Notes to Unaudited Pro Forma Condensed Consolidated Statements of Operations For the Nine Months Ended September 30, 2017 and For the Year Ended December 31, 2016

(E)
As reported in our Quarterly Report on Form 10-Q for the quarter ended September 30, 2017 or our Annual Report on Form 10-K for the year ended December 31, 2016, as applicable.
(F)
Amount represents the previously reported estimated operations, including pro forma adjustments, based on historical operations of Reno MOB. For additional information on the acquisition of Reno MOB, please refer to Form 8-K/A filed on May 8, 2017. For the nine months ended September 30, 2017, the previously reported amounts, including pro forma adjustments, are prorated for the period in which we did not own Reno MOB in 2017.
(G)
As reported in the historical financial statements of Central Florida Senior Housing Portfolio included in this filing.
(H)
For the nine months ended September 30, 2017 and for the year ended December 31, 2016, amount represents: i) a reclass of bad debt expense to general and administrative expenses of $243,000 and $367,000, respectively, ii) an increase in property tax expense of $119,000 and a decrease in property tax expense of $42,000, respectively, iii) a decrease in insurance of $417,000 and $322,000, respectively, and iv) a management fee decrease of $367,000 and $197,000, respectively.
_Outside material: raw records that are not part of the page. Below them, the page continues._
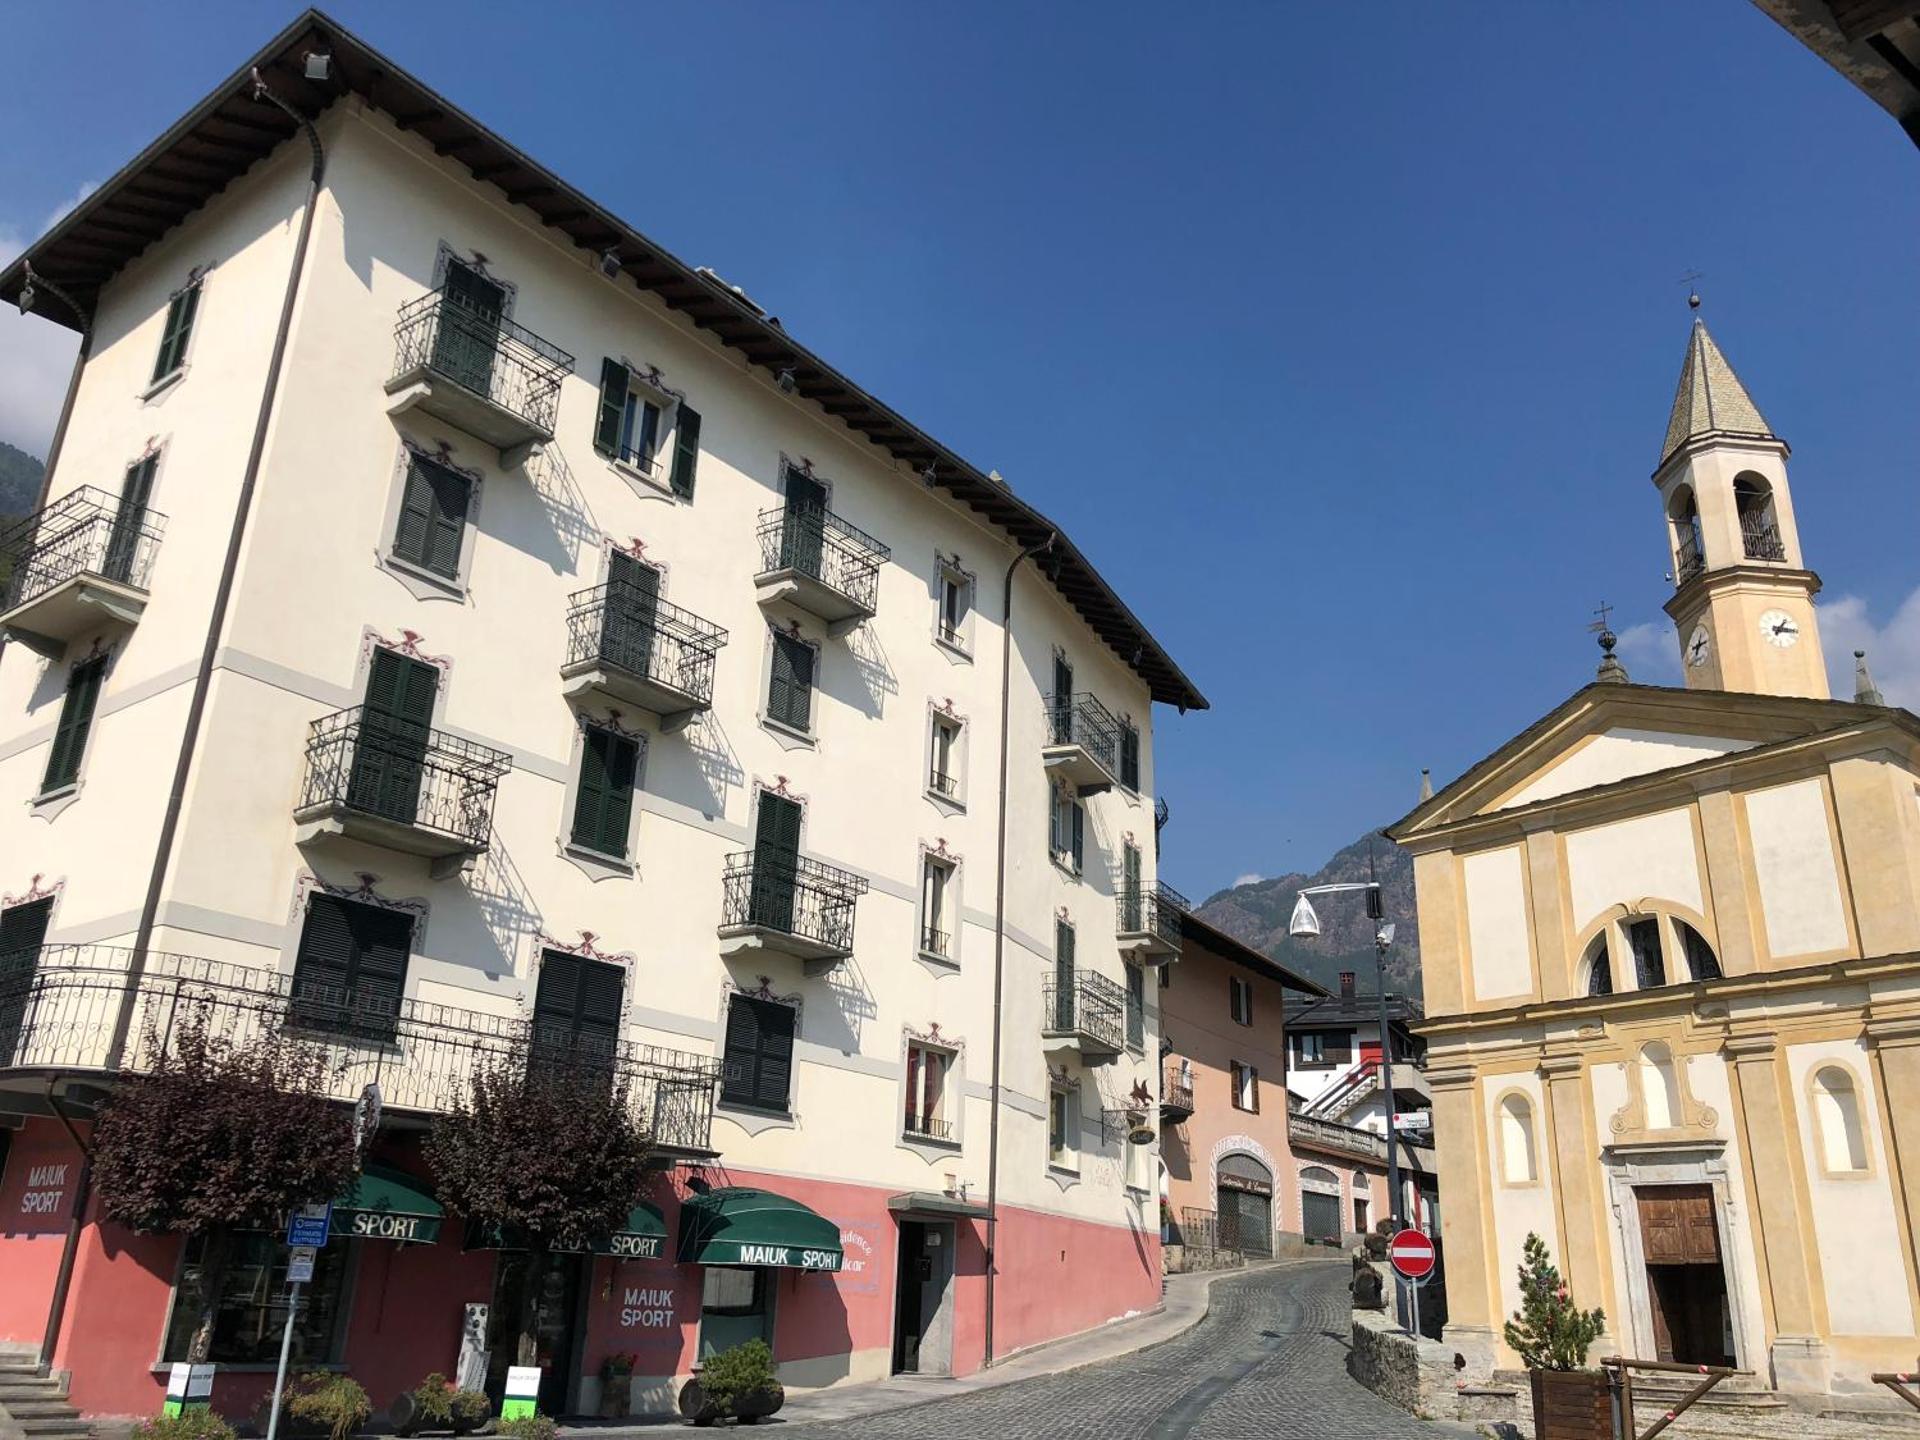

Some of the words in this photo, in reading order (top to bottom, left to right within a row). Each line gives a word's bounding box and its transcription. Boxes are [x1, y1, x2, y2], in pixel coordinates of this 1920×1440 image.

[28, 1164, 68, 1187] MAIUK
[21, 1191, 63, 1213] SPORT
[352, 1213, 419, 1238] SPORT
[610, 1234, 659, 1256] SPORT
[740, 1245, 789, 1265] MAIUK
[802, 1250, 838, 1269] SPORT
[624, 1288, 674, 1307] MAIUK
[620, 1308, 674, 1328] SPORT
Pursuant to the management services agreement entered into in connection with the transaction, the manager is paid a percentage of monthly collected revenues as a management fee of 5.0%. In addition, pursuant to our advisory agreement, our advisor is paid a monthly fee for services rendered in connection with property management oversight equal to 1.5% of gross monthly cash receipts, adjusted for our ownership percentage. As such, we assumed that such agreements replaced the previous management agreement and that the year ended December 31, 2016 was the first annual term of those agreements.
(I)
For the nine months ended September 30, 2017 and for the year ended December 31, 2016, amount represents: i) a reclass of bad debt expense from property operating expenses of $243,000 and $367,000, respectively, and ii) incremental asset management fees of $665,000 and $849,000, respectively, which was adjusted for our ownership percentage. Pursuant to our advisory agreement, our advisor is paid a monthly fee for services rendered in connection with the management of our assets equal to one-twelfth of 0.8% of average invested assets.
(J)
Amount represents depreciation and amortization expense on the allocation of the purchase price. Depreciation and amortization expense is recognized using the straight-line method over an estimated useful life of 39.0 years, 5.0 to 10.0 years, 7.0 years, and 0.8 to 1.3 years for buildings, improvements, furniture, fixtures and equipment and in-place leases, respectively.
(K)
Amount represents elimination of debt that was extinguished as a result of the transaction.
(L)
Amount represents elimination of other expenses that are non-recurring.
(M)
Amount represents the allocation of earnings or losses to the noncontrolling interest, which relates to the approximate 2% redeemable noncontrolling interest of Central Florida Senior Housing Portfolio, held by our joint venture partner.





(N)
Amount represents the weighted average number of shares of our common stock from our offering as of September 30, 2017 or December 31, 2016, as applicable, adjusted to include additional shares of Class T and Class I shares required to generate sufficient offering proceeds, net of offering costs, to fund the purchase of Reno MOB and Central Florida Senior Housing Portfolio. The calculation assumes these proceeds were raised as of January 1, 2016 through the sale of Class T shares at $10.00 per share only as the offering of Class I shares was not effective until June 17, 2016.